Teresa and Clarence Bramblett appeared in Habersham County Superior Court on Wednesday. Teresa Bramblett’s lawyer is Henry Simmons of Cornelia, according to the Habersham County Clerk of Court. Simmons did not return a request for comment. Clarence Bramblett is still finding legal representation.

Habersham County Solicitor General William Oliver, who is prosecuting the case on behalf of the state, said it’s likely to go to trial rather than be decided by a judge. If taken to a jury, the trial will probably take place in October because of the court schedule.

The Brambletts have each been charged with the 340 counts of animal cruelty and one count each of holding or possessing a game animal (a squirrel) without a permit.

Oliver said he couldn’t comment on the details of the case.

Habersham County Animal Control Director Madi Hawkins previously described the condition of the animals as “deplorable.”

“They were living in filth and feces and urine,” Hawkins said. “There were maggots present in some of these cages. The majority were housed outdoors in long rows of kennels.”

The Humane Society of Northeast Georgia has started an online petition requesting that the couple be prosecuted “to the fullest extent possible” and that none of the animals seized be returned to them. The petition has more than 1,000 signatures.

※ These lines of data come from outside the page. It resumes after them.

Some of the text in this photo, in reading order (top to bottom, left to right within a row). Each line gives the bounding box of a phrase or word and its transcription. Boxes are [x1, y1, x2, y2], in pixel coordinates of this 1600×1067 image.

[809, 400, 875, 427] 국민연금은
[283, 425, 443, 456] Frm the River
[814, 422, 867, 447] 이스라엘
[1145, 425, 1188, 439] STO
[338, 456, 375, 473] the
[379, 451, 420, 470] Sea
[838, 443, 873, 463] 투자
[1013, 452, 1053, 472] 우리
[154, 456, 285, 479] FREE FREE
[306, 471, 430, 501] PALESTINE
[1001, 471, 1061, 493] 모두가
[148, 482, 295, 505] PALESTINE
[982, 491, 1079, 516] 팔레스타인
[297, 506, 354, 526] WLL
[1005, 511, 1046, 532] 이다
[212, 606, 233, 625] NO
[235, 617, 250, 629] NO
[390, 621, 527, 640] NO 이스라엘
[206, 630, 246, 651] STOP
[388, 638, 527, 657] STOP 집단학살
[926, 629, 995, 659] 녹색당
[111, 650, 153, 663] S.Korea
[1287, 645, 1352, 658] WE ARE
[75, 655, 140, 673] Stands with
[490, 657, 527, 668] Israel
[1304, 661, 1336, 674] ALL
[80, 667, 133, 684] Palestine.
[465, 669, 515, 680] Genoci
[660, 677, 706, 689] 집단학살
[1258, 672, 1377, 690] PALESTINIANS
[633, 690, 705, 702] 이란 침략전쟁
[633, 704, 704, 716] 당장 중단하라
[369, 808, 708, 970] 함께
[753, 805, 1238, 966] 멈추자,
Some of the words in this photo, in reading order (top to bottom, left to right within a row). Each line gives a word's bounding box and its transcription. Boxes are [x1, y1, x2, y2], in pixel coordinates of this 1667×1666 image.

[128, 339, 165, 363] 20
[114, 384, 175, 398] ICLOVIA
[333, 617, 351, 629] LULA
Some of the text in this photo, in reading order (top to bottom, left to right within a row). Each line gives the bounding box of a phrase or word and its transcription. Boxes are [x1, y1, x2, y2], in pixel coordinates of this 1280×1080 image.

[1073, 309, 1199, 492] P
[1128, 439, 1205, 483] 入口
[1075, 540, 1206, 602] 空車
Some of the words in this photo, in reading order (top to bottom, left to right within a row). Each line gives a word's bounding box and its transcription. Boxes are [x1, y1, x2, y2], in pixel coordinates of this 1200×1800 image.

Staff and volunteers of the society attended the arraignment on Wednesday, and some carried signs that said “stop animal cruelty.”

In early April, Habersham County Animal Control responded to a barking complaint at a home on the edge of Clarkesville. A short inspection by an animal control officer led to the discovery of more than 350 animals, most of them dogs, in outdoor cages on the property.

That number, through births and more discoveries, grew to almost 450 animals in the days after the seizure — making it by far the largest-ever seizure of animals in Habersham County.

The dogs, cats and some of the livestock were cleaned, cared for and sorted for days at the Habersham County Fairgrounds by animal control, veterinarians and the Humane Society of the United States.

Most of the dogs have been sent to other Georgia shelters and humane societies for adoption.